Nanomedicine and Nanoscale Delivery (Focus Group – NND)

TME-responsive detachable PEG masking for immune-selective safety and restored antitumor efficacy

Jae Hyung Park – Professor, Chemical Engineering, Sungkyunkwan University; Seok Ho Song – Ph.D., Chemical Engineering, Sungkyunkwan University; Torsha Ghosh – Ph.D., Chemical Engineering, Sungkyunkwan University

Poster Presenter(s)

Chaemin Lee, B.S.

Combined M.S./Ph.D. Student
Sungkyunkwan University, Republic of Korea

Introduction:

Monoclonal antibodies targeting immune checkpoint pathways can produce durable clinical responses, but overall response rates remain low (~10–30%). Efforts to improve efficacy via dose escalation or combination therapy often increase immune-related adverse events (irAEs) because antigens are shared between tumors and normal tissues. Managing these toxicities with corticosteroids or immunosuppressants can weaken antitumor immunity and diminish benefit.
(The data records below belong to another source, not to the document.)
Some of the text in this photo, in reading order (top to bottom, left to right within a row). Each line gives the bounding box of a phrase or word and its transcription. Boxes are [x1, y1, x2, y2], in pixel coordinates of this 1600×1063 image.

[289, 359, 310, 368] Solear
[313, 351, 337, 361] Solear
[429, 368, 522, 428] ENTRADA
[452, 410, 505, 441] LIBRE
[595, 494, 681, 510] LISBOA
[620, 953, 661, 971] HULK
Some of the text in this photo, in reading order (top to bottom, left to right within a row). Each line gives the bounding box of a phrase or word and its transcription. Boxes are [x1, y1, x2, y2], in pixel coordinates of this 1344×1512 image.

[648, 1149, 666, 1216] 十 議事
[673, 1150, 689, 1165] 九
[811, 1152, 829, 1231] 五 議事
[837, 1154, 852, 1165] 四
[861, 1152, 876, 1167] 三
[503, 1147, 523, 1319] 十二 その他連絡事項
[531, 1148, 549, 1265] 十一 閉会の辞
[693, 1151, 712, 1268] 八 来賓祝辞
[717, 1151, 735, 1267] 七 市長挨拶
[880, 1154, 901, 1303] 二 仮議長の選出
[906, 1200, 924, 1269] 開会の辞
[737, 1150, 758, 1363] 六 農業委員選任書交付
Therefore, site-specific activation strategies are needed to minimize systemic toxicity while preserving antitumor efficacy.

Learning Objectives:

Understand ICB mechanisms and the pathogenesis/types of immune-related adverse events.
Recognize the necessity of TME targeting strategy to mitigate systemic toxicity and enhance therapeutic efficacy.
Develop a versatile antibody-engineering platform that overcome the limitations of current therapies.